Copy the data precisely, character for character, and leave out every picture.

Annotated photo localization data:
>>>>

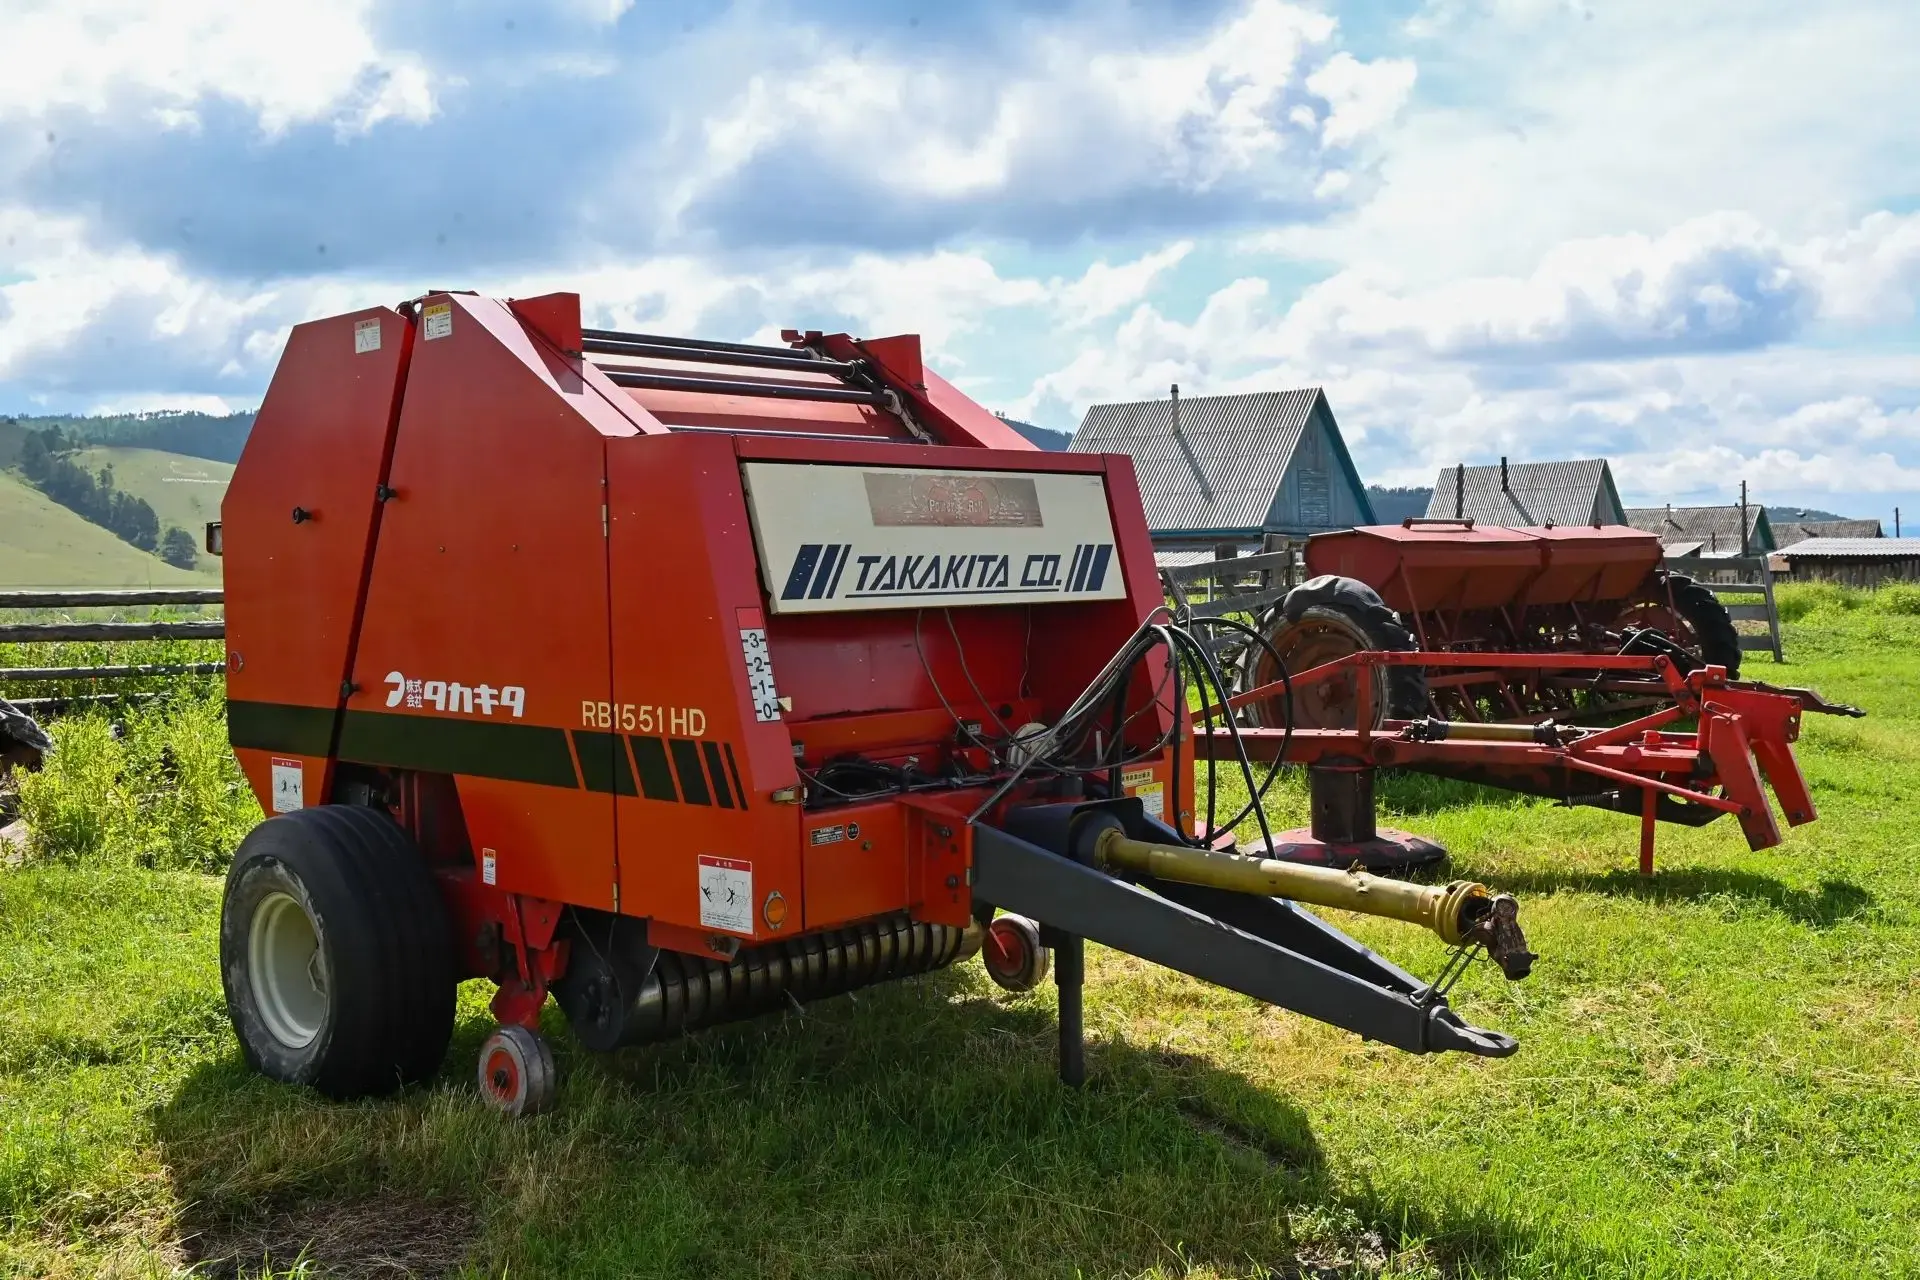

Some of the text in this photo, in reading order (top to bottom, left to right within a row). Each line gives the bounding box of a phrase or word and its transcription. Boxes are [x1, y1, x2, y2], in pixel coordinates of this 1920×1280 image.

[855, 554, 1062, 591] TAKAKITA CO.
[749, 632, 760, 648] 3
[753, 656, 765, 672] 2
[758, 680, 766, 695] 1
[762, 702, 773, 719] 0
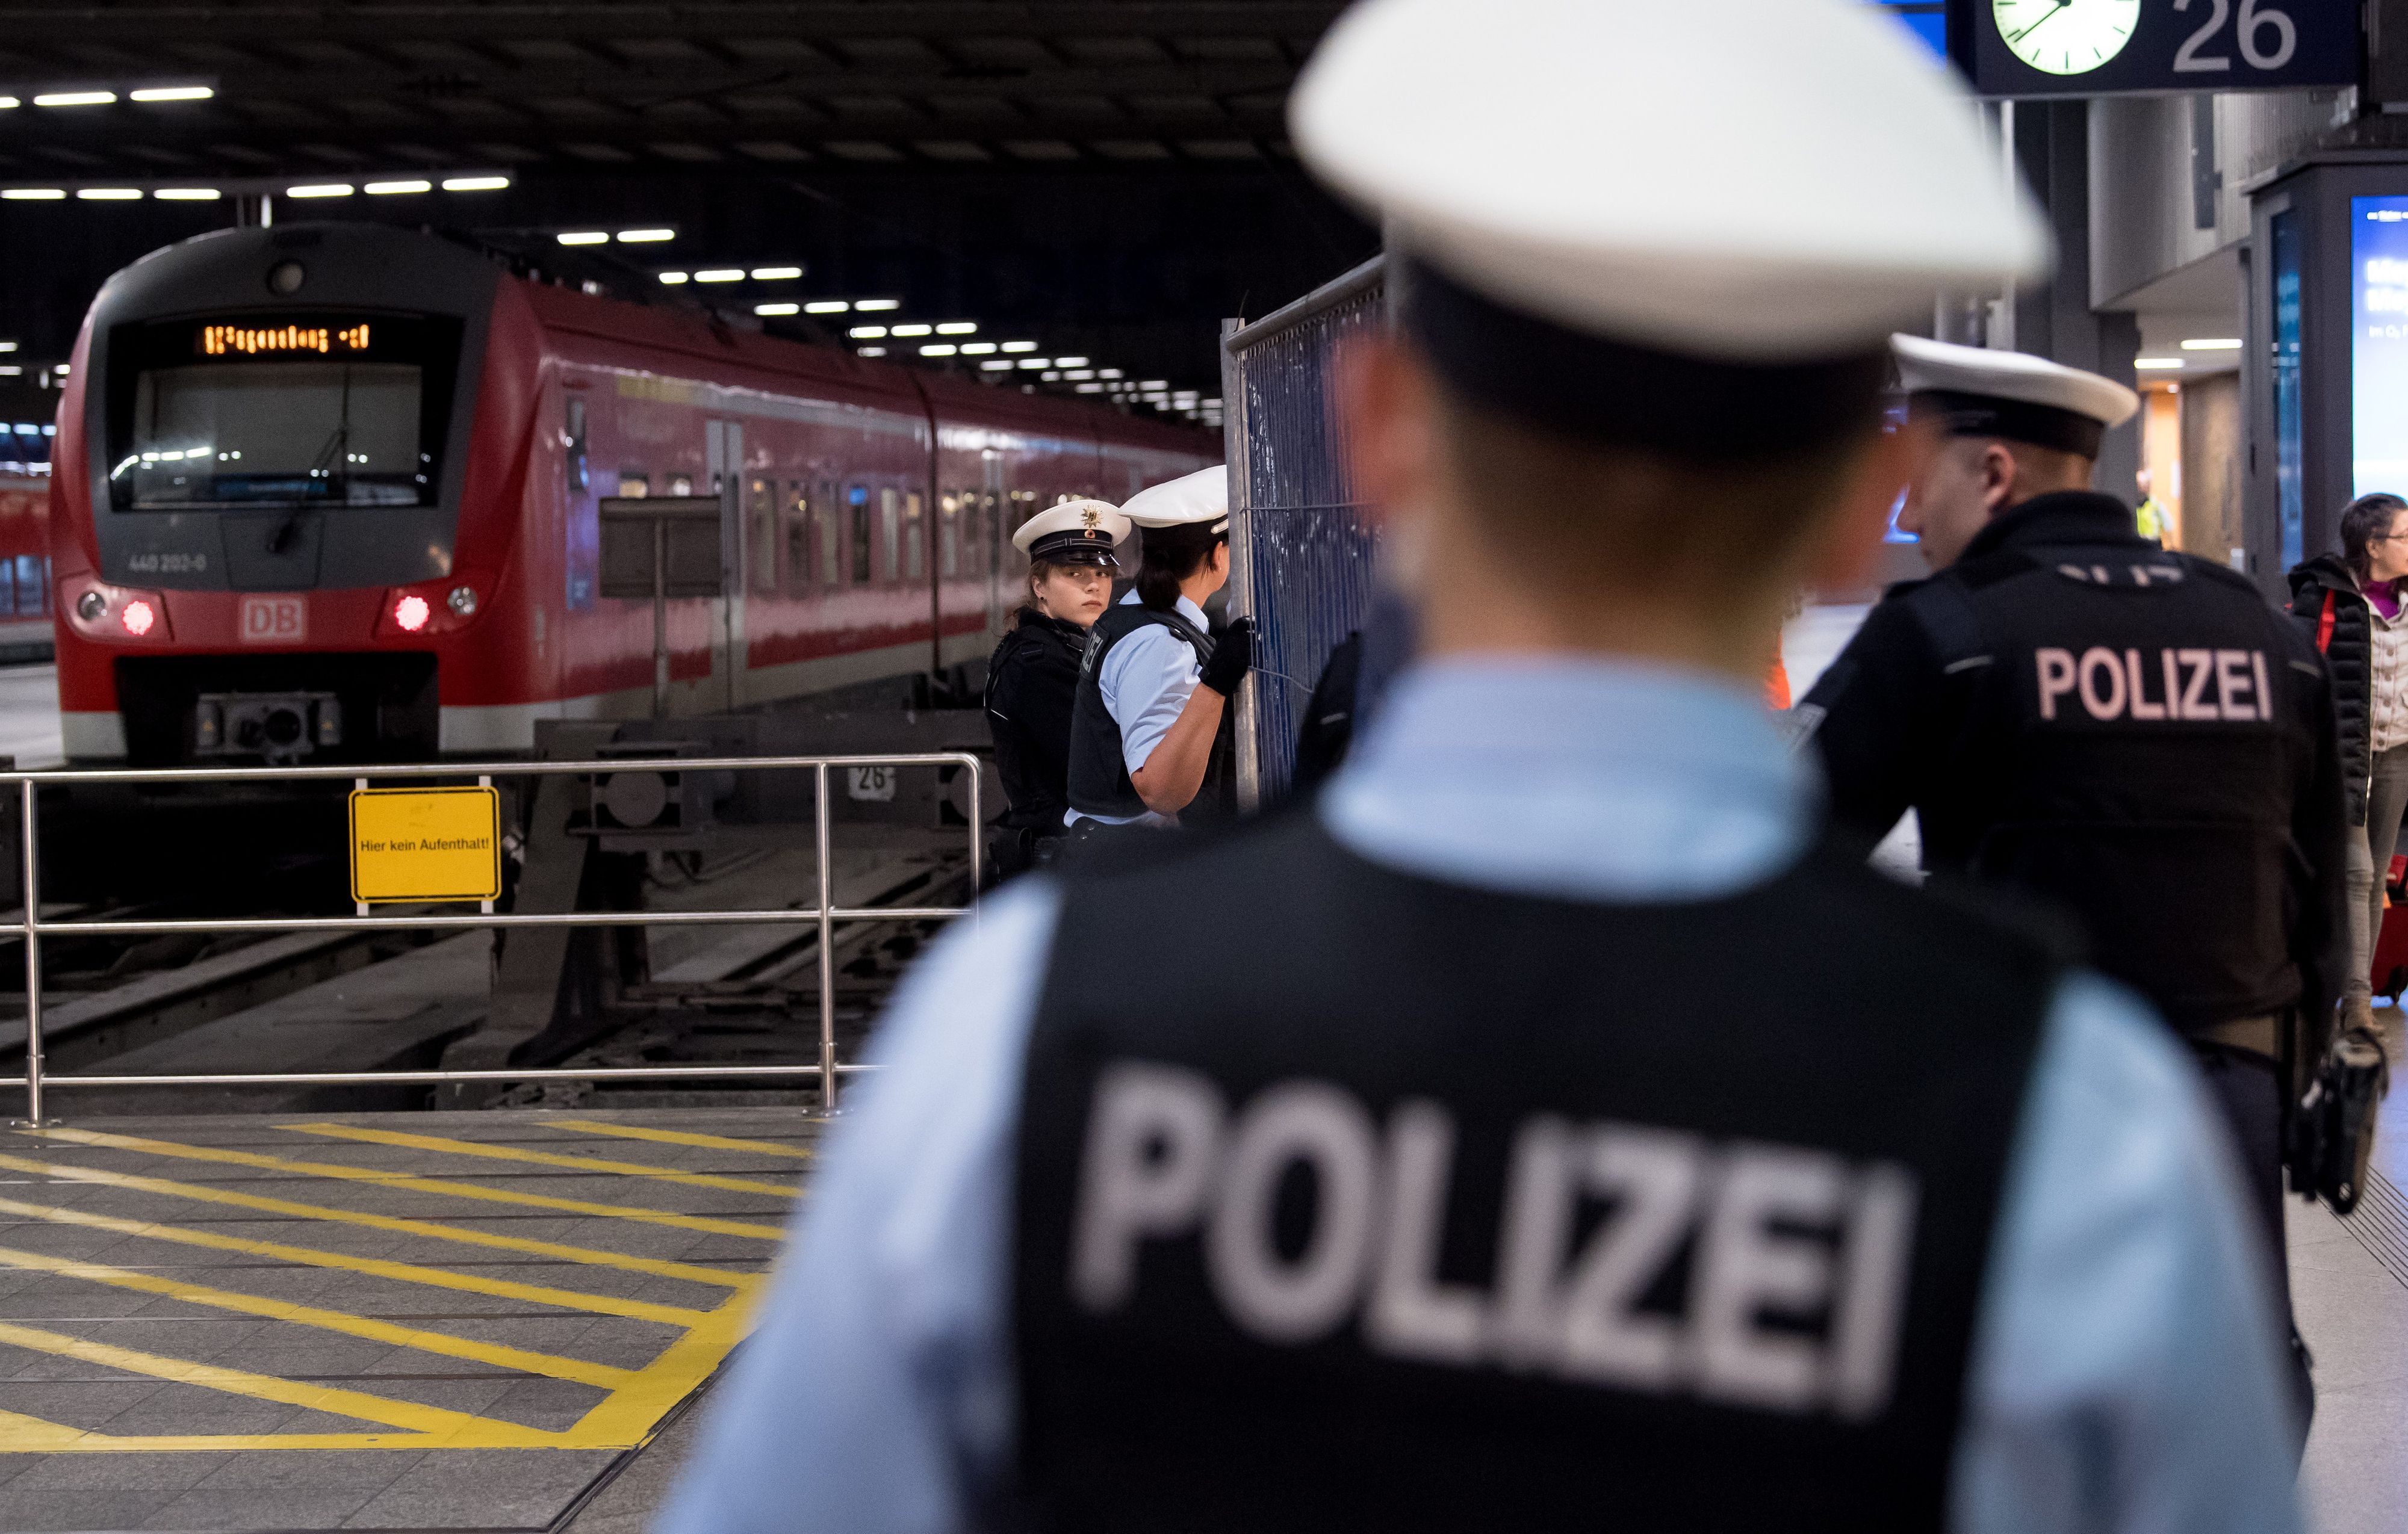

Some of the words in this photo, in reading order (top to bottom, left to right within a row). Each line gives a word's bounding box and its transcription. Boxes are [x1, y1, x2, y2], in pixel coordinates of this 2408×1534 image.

[2173, 0, 2297, 72] 26
[249, 603, 299, 634] DB
[2035, 646, 2273, 721] POLIZEI
[361, 840, 385, 852] Hier
[389, 839, 417, 851] kein
[420, 837, 489, 851] Aufenthalt!
[1072, 1062, 1917, 1411] POLIZEI
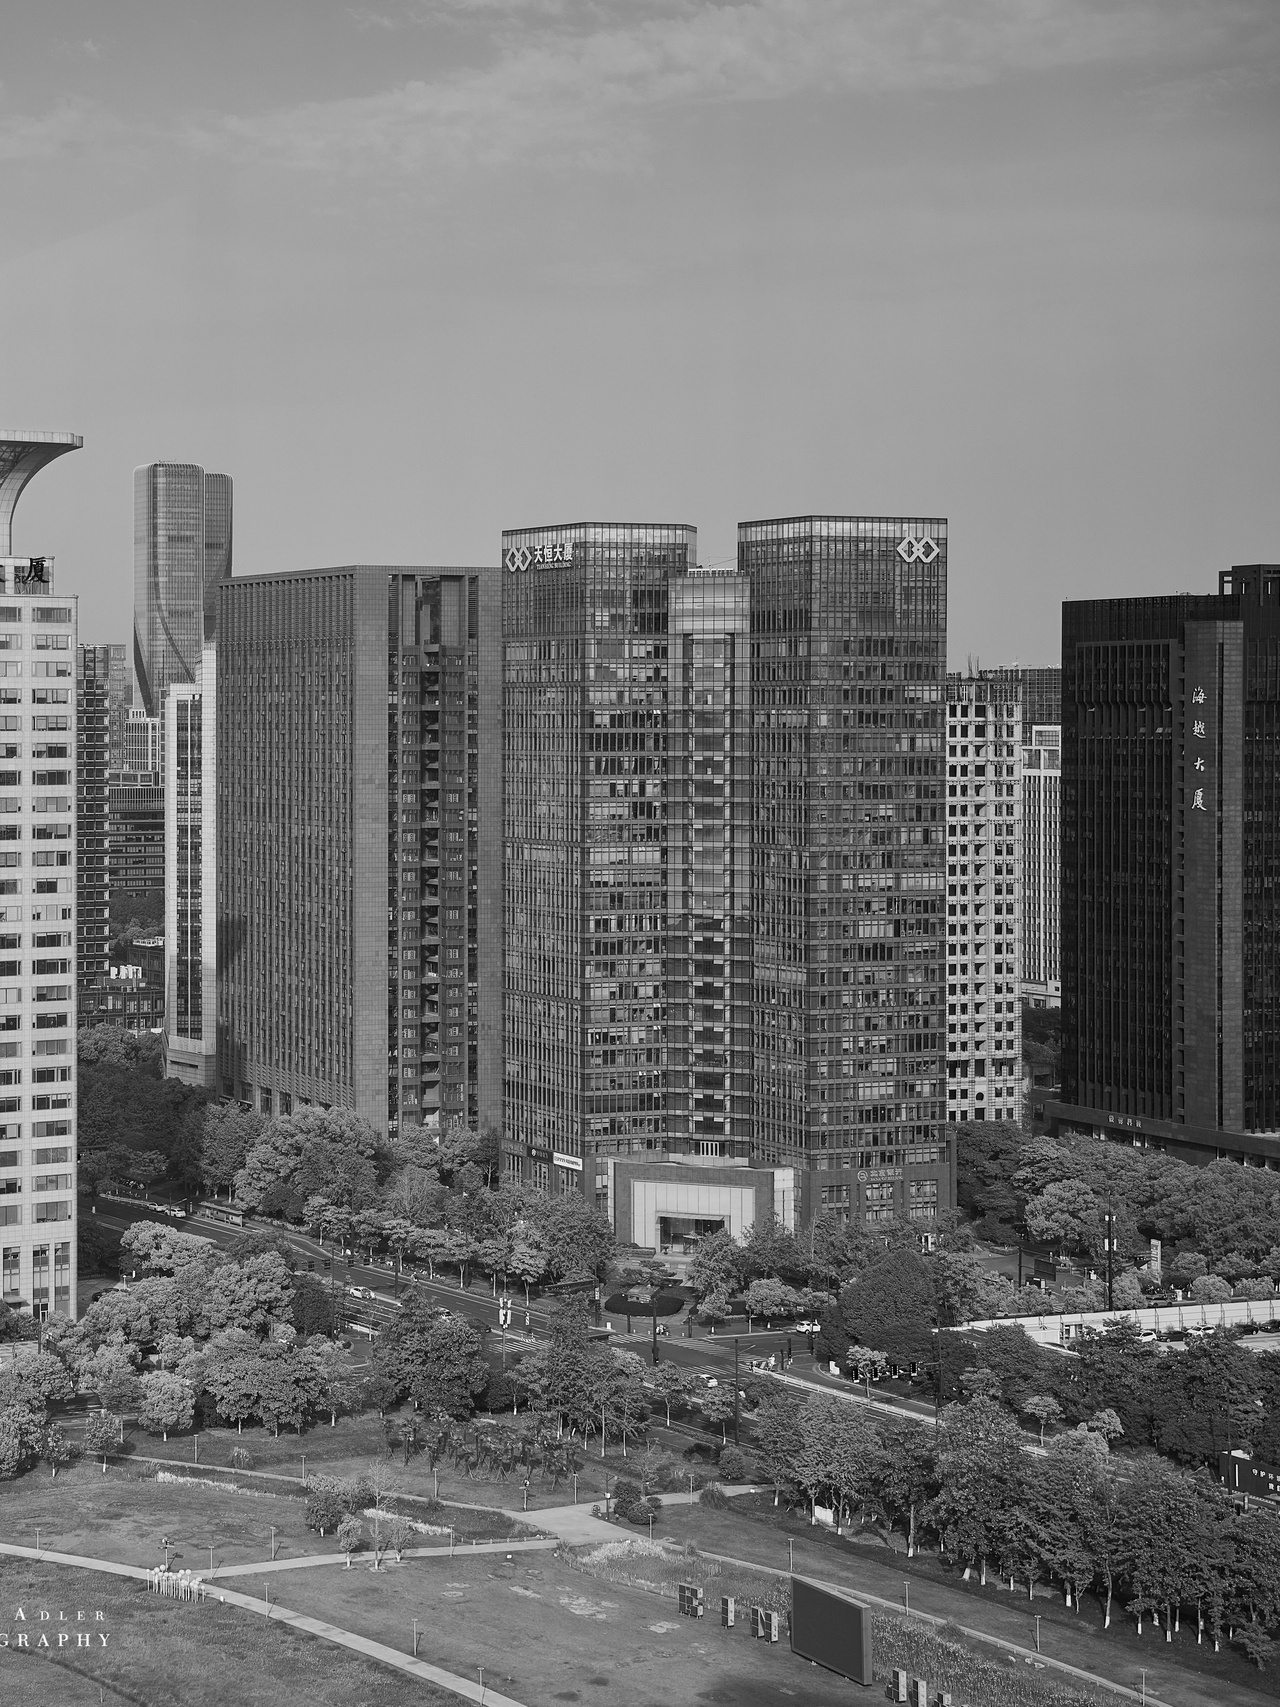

<<<<

→ **Output of the task**:
Some of the text in this photo, in reading order (top to bottom, left to right within a row). Each line gives the bounding box of a phrase or word and its transcription. Boxes are [x1, y1, x2, y2], in pixel coordinates of this 1920×1280 image.

[855, 554, 1062, 591] TAKAKITA CO.
[749, 632, 760, 648] 3
[753, 656, 765, 672] 2
[758, 680, 766, 695] 1
[762, 702, 773, 719] 0

Some of the words in this photo, in reading order (top to bottom, left to right within a row). Each line gives a word's bounding box and its transcription. Boxes are [x1, y1, x2, y2], in pixel coordinates of this 2408×1534 image.

[2173, 0, 2297, 72] 26
[249, 603, 299, 634] DB
[2035, 646, 2273, 721] POLIZEI
[361, 840, 385, 852] Hier
[389, 839, 417, 851] kein
[420, 837, 489, 851] Aufenthalt!
[1072, 1062, 1917, 1411] POLIZEI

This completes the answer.